“DID YOU KNOW”
A plan for the PGA’s first national golf club began in the Llanerch CC golf shop!
One day in 1942 Sam Byrd and Jimmy D’Angelo were in the Llanerch Country Club golf shop talking with Llanerch’s golf professional, Marty Lyons. The idea of the PGA of America having a winter home with its own golf course was mentioned. Byrd, a former major league baseball player and now an assistant at Merion Golf Club, had spent a number of spring trainings in Florida.
Byrd had played eight years in the major leagues with the New York Yankees and Cincinnati Reds. Both teams held spring training in the Tampa Bay area, so Byrd, who was as good at golf as baseball, knew Florida golf courses. Byrd told D’Angelo and Lyons that due to the Great Depression there were golf courses in Florida that could be bought for next to nothing.
In November 1942 Lyons and D’Angelo were in attendance at the PGA’s annual meeting in Chicago. On the floor of the meeting they brought up the idea of the PGA owning its own golf course. They did not receive much of a response. Well before that in 1936, Leo Fraser then the professional at Seaview Country Club had written a letter to the PGA suggesting the association own its own golf course.

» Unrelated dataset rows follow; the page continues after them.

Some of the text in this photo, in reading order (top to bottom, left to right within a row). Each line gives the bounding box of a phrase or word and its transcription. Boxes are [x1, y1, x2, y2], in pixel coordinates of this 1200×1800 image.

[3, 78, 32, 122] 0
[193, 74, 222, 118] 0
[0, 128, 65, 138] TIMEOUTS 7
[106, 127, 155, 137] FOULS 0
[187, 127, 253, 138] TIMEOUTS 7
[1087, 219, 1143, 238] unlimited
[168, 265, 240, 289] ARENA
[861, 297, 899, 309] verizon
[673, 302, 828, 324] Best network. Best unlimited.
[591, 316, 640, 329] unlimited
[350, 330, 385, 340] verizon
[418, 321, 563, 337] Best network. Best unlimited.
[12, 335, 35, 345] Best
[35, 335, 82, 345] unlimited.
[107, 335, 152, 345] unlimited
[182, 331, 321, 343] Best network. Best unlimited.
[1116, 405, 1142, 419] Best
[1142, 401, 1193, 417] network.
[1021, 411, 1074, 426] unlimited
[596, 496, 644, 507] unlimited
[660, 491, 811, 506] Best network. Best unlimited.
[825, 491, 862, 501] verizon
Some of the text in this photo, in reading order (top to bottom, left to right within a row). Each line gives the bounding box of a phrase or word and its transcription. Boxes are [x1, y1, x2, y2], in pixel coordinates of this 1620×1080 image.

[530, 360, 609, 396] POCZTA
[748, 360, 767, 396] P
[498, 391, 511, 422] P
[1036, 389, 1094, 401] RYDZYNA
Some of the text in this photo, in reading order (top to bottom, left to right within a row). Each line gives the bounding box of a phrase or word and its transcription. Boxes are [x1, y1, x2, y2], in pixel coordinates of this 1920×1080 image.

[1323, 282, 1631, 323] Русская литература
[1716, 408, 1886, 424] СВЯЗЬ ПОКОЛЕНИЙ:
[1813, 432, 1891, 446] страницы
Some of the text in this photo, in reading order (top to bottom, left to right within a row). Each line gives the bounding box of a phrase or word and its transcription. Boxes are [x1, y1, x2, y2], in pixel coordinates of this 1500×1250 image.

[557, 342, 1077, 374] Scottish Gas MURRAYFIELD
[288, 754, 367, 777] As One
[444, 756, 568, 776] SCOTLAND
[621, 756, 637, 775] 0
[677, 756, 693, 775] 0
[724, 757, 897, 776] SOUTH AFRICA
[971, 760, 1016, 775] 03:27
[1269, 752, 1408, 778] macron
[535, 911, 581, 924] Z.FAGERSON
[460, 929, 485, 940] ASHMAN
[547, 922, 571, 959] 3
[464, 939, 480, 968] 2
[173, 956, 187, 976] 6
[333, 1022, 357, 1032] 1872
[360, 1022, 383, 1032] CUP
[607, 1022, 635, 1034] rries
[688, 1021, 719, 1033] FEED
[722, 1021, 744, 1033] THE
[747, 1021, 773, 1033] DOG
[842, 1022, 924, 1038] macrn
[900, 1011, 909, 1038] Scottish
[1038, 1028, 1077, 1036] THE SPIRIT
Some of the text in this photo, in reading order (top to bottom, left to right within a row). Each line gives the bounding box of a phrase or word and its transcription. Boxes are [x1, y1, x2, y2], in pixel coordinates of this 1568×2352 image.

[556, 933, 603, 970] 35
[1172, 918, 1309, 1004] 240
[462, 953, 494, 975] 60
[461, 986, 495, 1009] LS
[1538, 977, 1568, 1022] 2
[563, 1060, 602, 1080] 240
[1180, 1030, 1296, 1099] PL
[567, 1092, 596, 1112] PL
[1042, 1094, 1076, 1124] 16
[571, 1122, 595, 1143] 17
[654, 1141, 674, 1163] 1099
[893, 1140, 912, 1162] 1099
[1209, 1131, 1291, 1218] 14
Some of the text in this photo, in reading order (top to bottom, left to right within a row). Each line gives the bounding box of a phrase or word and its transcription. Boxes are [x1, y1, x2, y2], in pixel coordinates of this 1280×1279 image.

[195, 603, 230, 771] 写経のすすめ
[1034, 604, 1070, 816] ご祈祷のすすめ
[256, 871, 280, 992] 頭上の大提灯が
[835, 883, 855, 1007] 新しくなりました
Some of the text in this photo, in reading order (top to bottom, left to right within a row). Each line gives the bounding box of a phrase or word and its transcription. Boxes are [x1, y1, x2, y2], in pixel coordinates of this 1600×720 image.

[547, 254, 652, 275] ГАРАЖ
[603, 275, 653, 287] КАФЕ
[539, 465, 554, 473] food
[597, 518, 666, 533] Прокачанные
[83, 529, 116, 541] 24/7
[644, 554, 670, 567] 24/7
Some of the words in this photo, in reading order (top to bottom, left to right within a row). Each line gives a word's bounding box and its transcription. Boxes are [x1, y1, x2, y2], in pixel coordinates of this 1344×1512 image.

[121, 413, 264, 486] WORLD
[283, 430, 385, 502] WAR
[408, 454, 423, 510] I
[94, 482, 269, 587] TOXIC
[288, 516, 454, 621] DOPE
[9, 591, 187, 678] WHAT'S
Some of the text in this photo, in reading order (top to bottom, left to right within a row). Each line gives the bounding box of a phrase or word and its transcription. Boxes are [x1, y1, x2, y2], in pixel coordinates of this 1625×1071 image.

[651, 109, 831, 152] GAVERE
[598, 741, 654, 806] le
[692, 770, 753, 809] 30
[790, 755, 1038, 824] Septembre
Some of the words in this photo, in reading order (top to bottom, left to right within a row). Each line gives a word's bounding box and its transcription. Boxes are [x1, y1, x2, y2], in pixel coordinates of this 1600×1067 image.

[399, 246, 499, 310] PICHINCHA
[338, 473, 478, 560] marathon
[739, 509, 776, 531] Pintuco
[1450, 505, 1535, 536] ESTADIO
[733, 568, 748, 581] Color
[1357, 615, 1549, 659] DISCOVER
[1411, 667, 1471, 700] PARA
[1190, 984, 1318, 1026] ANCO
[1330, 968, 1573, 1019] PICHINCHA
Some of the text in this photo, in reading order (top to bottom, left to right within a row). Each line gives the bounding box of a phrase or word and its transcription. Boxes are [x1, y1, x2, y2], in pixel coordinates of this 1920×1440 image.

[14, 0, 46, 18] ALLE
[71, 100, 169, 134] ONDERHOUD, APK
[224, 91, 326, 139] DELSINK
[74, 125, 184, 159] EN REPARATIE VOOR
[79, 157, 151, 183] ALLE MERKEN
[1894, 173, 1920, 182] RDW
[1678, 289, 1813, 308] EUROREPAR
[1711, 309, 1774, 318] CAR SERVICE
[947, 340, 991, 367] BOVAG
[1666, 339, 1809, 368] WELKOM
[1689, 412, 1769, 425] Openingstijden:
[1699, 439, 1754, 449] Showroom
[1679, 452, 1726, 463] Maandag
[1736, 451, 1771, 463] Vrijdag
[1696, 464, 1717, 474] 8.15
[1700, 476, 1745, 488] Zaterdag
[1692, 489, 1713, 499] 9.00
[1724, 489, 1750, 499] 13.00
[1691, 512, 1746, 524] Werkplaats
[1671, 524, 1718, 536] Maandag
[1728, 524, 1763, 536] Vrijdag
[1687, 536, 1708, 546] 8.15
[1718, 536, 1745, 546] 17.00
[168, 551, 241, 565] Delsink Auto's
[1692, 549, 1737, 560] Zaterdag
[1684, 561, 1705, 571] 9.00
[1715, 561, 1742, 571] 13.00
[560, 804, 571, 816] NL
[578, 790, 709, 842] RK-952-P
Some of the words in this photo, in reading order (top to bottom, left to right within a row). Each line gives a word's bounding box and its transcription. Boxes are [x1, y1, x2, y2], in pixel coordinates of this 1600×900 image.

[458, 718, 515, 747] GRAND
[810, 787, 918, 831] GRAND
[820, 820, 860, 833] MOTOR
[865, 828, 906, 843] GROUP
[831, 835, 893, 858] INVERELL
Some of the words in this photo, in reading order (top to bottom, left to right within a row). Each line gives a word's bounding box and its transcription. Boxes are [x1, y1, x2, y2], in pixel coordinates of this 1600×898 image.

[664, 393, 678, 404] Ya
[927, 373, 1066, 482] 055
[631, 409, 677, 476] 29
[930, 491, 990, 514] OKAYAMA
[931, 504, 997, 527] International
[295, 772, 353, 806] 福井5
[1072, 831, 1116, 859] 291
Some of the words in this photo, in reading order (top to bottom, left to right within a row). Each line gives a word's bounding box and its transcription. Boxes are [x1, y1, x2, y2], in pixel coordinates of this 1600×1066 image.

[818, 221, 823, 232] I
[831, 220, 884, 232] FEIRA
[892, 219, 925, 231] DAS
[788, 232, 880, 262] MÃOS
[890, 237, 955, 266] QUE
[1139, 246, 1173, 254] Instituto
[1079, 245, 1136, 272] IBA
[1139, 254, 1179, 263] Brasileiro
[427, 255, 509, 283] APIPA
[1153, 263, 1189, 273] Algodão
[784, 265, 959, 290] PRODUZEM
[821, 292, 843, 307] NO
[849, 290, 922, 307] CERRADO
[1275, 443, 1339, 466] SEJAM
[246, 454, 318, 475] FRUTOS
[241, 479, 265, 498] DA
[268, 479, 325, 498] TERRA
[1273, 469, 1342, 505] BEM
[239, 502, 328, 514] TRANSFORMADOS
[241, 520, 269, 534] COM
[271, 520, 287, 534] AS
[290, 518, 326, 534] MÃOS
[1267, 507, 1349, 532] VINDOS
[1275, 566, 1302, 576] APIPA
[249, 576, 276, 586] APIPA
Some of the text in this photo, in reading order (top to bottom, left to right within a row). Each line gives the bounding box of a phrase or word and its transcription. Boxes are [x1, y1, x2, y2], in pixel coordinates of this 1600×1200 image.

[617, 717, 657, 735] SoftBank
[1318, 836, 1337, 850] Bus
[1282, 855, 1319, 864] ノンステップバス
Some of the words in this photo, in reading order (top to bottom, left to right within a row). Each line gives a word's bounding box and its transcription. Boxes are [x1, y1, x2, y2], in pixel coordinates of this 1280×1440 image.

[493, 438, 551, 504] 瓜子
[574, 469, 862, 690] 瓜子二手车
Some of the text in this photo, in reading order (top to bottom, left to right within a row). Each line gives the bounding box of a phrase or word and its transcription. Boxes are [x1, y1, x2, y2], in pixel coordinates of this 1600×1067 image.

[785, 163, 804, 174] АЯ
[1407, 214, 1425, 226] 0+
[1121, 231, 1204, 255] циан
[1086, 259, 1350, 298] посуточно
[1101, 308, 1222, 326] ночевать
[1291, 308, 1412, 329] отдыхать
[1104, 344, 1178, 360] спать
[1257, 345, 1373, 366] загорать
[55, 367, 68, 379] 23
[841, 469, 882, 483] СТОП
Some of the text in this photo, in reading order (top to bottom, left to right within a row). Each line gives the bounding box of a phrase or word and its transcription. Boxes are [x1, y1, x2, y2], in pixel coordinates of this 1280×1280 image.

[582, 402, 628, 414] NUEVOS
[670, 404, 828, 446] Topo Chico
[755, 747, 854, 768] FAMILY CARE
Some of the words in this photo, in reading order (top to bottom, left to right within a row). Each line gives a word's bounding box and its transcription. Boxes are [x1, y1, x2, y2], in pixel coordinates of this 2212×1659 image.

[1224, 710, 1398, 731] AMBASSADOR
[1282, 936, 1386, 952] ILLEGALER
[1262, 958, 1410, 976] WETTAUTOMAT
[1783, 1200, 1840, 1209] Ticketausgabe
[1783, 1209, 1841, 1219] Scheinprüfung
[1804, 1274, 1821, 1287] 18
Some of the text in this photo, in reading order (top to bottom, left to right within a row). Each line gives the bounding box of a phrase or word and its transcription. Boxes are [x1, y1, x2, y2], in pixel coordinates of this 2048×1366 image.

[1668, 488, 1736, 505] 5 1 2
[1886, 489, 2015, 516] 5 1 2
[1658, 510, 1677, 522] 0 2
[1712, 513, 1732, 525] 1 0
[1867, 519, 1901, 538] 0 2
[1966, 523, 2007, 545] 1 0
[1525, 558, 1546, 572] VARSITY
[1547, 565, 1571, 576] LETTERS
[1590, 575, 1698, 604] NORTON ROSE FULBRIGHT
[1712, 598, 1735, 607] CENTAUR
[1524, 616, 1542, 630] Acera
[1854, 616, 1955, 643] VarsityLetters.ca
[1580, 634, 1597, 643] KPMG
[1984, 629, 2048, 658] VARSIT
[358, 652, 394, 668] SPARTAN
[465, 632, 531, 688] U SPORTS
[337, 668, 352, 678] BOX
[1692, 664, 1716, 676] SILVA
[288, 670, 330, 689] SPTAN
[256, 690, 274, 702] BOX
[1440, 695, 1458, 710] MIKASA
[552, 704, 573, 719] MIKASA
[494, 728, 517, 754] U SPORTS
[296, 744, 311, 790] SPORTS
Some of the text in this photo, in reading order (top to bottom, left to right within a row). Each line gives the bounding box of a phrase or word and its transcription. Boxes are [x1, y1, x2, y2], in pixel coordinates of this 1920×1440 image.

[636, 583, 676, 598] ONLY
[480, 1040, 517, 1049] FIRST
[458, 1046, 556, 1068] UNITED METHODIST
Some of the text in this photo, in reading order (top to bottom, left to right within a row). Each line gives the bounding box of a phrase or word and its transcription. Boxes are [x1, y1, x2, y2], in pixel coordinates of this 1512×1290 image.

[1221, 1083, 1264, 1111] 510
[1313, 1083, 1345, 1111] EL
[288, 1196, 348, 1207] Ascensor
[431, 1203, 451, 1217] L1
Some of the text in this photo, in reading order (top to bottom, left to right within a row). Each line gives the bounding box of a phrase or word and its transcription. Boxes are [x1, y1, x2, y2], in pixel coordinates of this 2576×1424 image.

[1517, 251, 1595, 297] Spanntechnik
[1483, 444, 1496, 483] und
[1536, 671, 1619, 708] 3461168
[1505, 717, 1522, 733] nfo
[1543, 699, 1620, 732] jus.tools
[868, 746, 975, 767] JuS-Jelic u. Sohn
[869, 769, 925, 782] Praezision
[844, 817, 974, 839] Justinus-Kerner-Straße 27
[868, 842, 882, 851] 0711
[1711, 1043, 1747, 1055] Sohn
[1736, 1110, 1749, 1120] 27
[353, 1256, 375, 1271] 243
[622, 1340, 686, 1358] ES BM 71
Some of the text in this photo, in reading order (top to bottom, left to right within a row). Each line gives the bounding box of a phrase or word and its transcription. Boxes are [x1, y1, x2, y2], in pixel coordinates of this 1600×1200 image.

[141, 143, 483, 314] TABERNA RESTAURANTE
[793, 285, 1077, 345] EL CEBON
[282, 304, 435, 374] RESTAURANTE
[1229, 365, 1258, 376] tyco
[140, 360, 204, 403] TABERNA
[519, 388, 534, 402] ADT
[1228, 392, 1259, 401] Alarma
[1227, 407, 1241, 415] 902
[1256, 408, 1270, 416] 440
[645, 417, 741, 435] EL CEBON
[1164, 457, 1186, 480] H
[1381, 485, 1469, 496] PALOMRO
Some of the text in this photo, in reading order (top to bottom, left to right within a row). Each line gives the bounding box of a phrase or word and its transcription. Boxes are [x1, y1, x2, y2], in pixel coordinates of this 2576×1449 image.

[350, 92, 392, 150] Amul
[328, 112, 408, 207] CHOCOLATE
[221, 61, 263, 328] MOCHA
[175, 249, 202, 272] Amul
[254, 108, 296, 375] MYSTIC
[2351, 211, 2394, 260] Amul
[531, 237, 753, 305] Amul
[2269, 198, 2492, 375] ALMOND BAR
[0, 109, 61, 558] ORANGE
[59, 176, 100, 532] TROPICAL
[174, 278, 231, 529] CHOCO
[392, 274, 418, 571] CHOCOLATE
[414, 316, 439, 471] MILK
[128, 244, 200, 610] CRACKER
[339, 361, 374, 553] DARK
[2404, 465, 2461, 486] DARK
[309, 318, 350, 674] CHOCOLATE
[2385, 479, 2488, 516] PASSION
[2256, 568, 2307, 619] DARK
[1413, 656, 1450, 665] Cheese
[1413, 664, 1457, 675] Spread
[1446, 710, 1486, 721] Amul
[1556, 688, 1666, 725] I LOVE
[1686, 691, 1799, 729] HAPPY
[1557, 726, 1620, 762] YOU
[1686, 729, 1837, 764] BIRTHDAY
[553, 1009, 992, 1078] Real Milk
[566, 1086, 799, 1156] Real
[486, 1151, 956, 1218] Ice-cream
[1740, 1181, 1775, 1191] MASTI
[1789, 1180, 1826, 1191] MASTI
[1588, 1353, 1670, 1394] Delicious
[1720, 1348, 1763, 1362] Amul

Lyons and D’Angelo were back at the PGA’s annual meeting in November 1943. They stood on the floor of the meeting and again presented the idea of the PGA owning its own golf course. With that, President Ed Dudley appointed them a committee of two, to make a study of the idea, and return to the 1944 meeting with a report.
In November 1944 Lyons and D’Angelo were at the annual meeting with a proposal. They showed a film of the Dunedin Isles Golf Club, which was north of Tampa in Dunedin. They told the delegates that the golf course, which had been designed by the renowned golf course architect Donald Ross and was owned by the city of Dunedin, could be theirs through a 99-year lease at $1 per year. Their presentation was so thorough the delegates approved the plan with little discussion. (It was Jimmy D’Angelo who later played a major role in making Myrtle Beach a golf destination on the East Coast.)
Finding a home course for the PGA turned out to be the easy part. After some years of neglect, the golf course and clubhouse had to be refurbished. Each PGA Section was assessed an amount based on its number of PGA members. Two months later Dunedin Isles, now PGA National Golf Club, hosted its Senior PGA Championship
The course was a huge success during January and February, with the golf professionals taking a break from their club jobs. By the late 50s the Senior Championship was such a sellout, the 72-hole tournament had to be played over six days. Beginning on a Tuesday the various age groups played on alternate days. After 36 holes age group prizes were awarded and there was a cut, which got the field into a manageable number. The PGA, which had moved its national office to Dunedin, was outgrowing its 18-hole home in the winter months but finding it to be a financial struggle the rest of the year.
The PGA made a connection with John D. MacArthur, one of the largest land owners in Florida. He would provide two championship golf courses and office space for the PGA of America staff in Palm Beach Gardens, Florida. In late 1962 the PGA moved from Dunedin to the east coast of Florida. MacArthur provided the PGA with two championship golf courses at reasonable prices, and space in the large clubhouse for its office.
By 1975 the PGA was looking for a new home. The PGA had made MacArthur’s golf courses too popular, so the prices were being increased. For a few years the PGA bounced around Florida looking for a new home, until making arrangements with a new developer on a long term lease along with office space it would own, still in Palm Beach Gardens. (That is the present home of the PGA Tour Honda Classic.) When that became too much of a success the PGA built a complex with three golf courses in St. Lucie County, which it owns.
Over the years many PGA members made these locations their winter home and then retired there. Now the PGA national headquarters is on the move again. Golf course architects Gil Hanse and Beau Welling are putting in two championship golf courses in Frisco, Texas for the PGA and the PGA is building a 100,000-square foot office complex and education facility.